[Saved data entries]
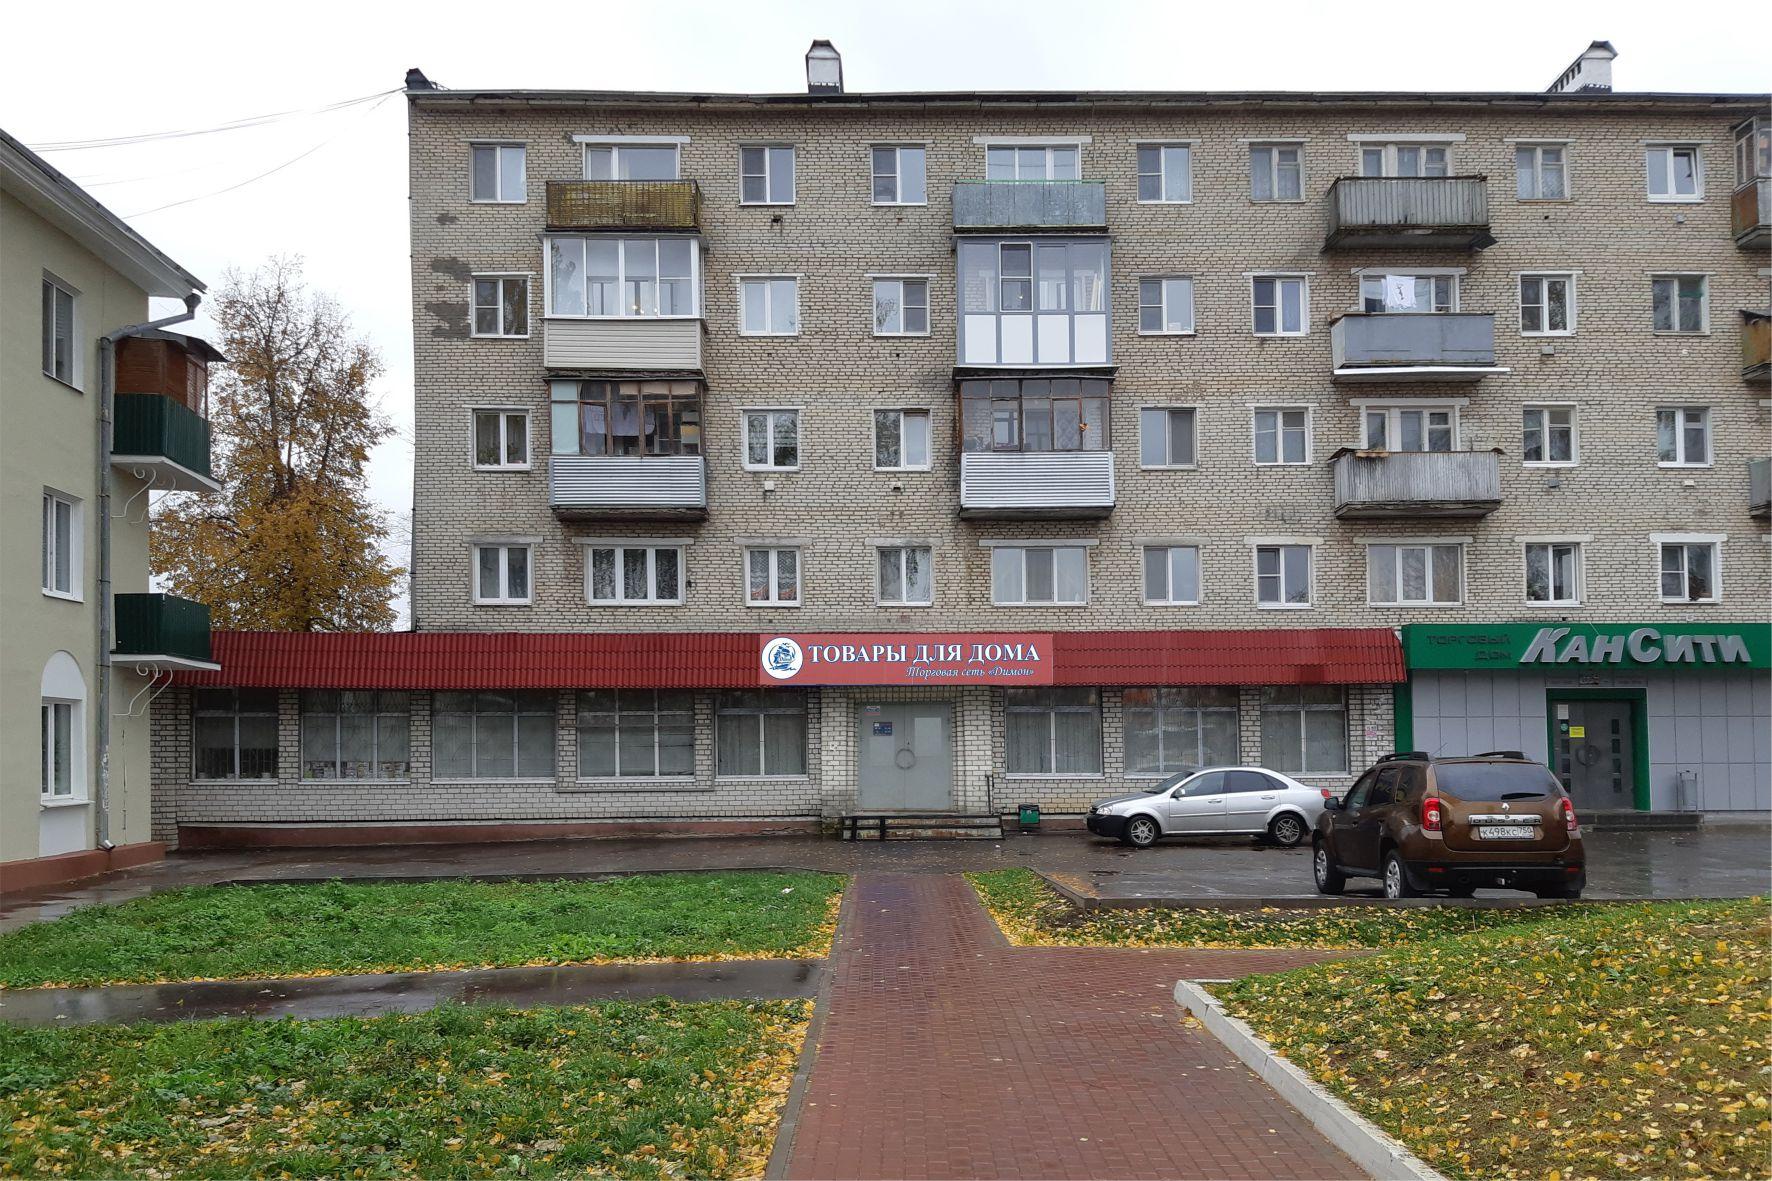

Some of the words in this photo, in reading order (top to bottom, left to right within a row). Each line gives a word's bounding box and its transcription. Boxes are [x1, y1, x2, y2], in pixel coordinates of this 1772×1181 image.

[808, 644, 907, 663] ТОВАРЫ
[912, 644, 962, 665] ДЛЯ
[968, 644, 1041, 665] ДОМА
[905, 666, 958, 680] Торговая
[961, 667, 985, 677] сеть
[988, 666, 1034, 677] «Димон»

▶ [Required work]:
Pictures aside, retype the entries above exactly as they are.

▶ [Exercise output]:
Some of the words in this photo, in reading order (top to bottom, left to right within a row). Each line gives a word's bounding box and its transcription. Boxes are [x1, y1, x2, y2], in pixel coordinates of this 1772×1181 image.

[808, 644, 907, 663] ТОВАРЫ
[912, 644, 962, 665] ДЛЯ
[968, 644, 1041, 665] ДОМА
[905, 666, 958, 680] Торговая
[961, 667, 985, 677] сеть
[988, 666, 1034, 677] «Димон»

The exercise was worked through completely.